**ABOUT THIS TASK**: If a record contains a picture, drop the picture and copy everything else exactly.

*** Block opens ***

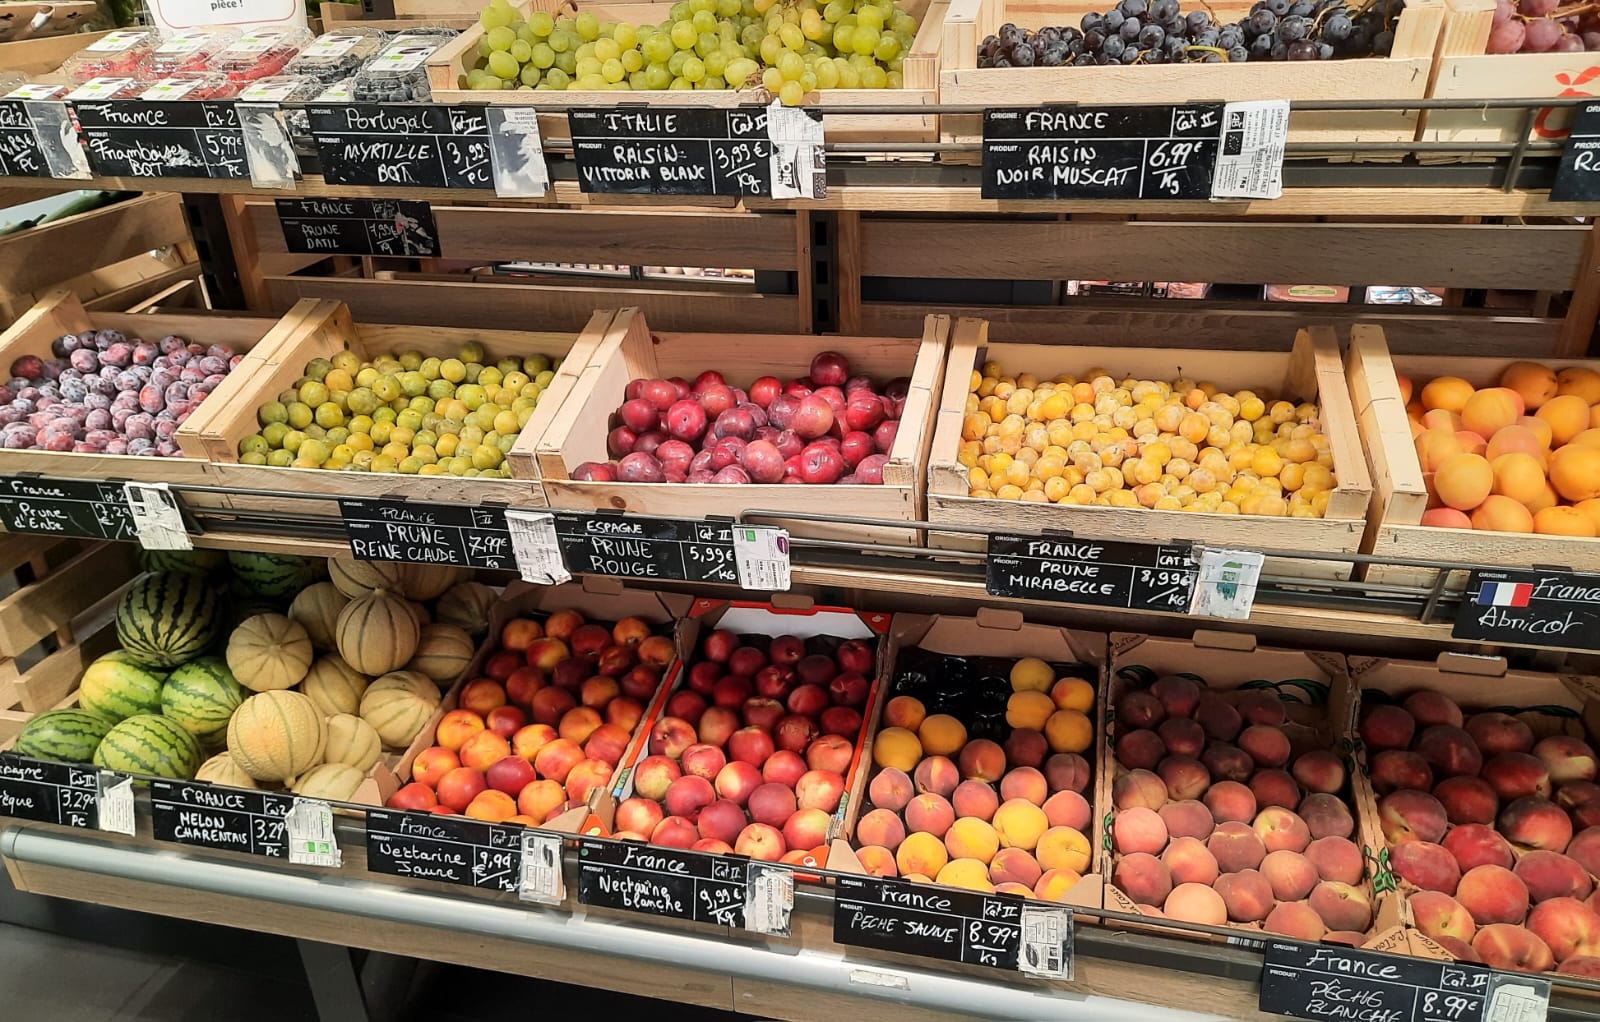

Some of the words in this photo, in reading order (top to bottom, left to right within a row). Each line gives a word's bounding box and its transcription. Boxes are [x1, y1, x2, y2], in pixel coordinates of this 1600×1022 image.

[97, 103, 168, 125] France
[226, 109, 238, 127] 2
[346, 107, 433, 131] Portugal
[604, 112, 677, 133] ITALIE
[1025, 111, 1109, 131] FRANCE
[344, 141, 431, 161] MYRTILLE
[582, 166, 652, 183] VITTORIA
[660, 164, 707, 182] BLANC
[997, 168, 1044, 186] NOIR
[1053, 164, 1138, 187] MUSCAT
[301, 200, 354, 216] FRANCE
[302, 224, 341, 238] PRUNE
[19, 502, 68, 520] Prune
[379, 507, 436, 525] FRANCE
[386, 523, 450, 547] PRUNE
[586, 520, 643, 535] ESPAGNE
[717, 528, 733, 541] II
[352, 538, 403, 560] REINE
[407, 546, 459, 563] CLAUDE
[592, 536, 653, 559] PRUNE
[690, 546, 735, 565] 5,99€
[1028, 541, 1105, 560] FRANCE
[590, 555, 660, 577] ROUGE
[1040, 561, 1100, 578] PRUNE
[1159, 556, 1181, 567] CAT
[1009, 574, 1116, 596] MIRABELLE
[1478, 606, 1586, 635] Abricot
[181, 787, 246, 809] FRANCE
[179, 811, 225, 830] MELON
[174, 825, 249, 847] CHARENTAIS
[623, 847, 690, 874] France
[623, 892, 684, 914] blanche
[881, 885, 952, 912] France
[851, 911, 899, 933] PECHE
[1001, 906, 1018, 918] II
[1305, 949, 1403, 980] France
[1309, 977, 1384, 1008] PÊCHE

*** Block closes ***

**ANSWER BELOW**:
Some of the words in this photo, in reading order (top to bottom, left to right within a row). Each line gives a word's bounding box and its transcription. Boxes are [x1, y1, x2, y2], in pixel coordinates of this 1600×1022 image.

[97, 103, 168, 125] France
[226, 109, 238, 127] 2
[346, 107, 433, 131] Portugal
[604, 112, 677, 133] ITALIE
[1025, 111, 1109, 131] FRANCE
[344, 141, 431, 161] MYRTILLE
[582, 166, 652, 183] VITTORIA
[660, 164, 707, 182] BLANC
[997, 168, 1044, 186] NOIR
[1053, 164, 1138, 187] MUSCAT
[301, 200, 354, 216] FRANCE
[302, 224, 341, 238] PRUNE
[19, 502, 68, 520] Prune
[379, 507, 436, 525] FRANCE
[386, 523, 450, 547] PRUNE
[586, 520, 643, 535] ESPAGNE
[717, 528, 733, 541] II
[352, 538, 403, 560] REINE
[407, 546, 459, 563] CLAUDE
[592, 536, 653, 559] PRUNE
[690, 546, 735, 565] 5,99€
[1028, 541, 1105, 560] FRANCE
[590, 555, 660, 577] ROUGE
[1040, 561, 1100, 578] PRUNE
[1159, 556, 1181, 567] CAT
[1009, 574, 1116, 596] MIRABELLE
[1478, 606, 1586, 635] Abricot
[181, 787, 246, 809] FRANCE
[179, 811, 225, 830] MELON
[174, 825, 249, 847] CHARENTAIS
[623, 847, 690, 874] France
[623, 892, 684, 914] blanche
[881, 885, 952, 912] France
[851, 911, 899, 933] PECHE
[1001, 906, 1018, 918] II
[1305, 949, 1403, 980] France
[1309, 977, 1384, 1008] PÊCHE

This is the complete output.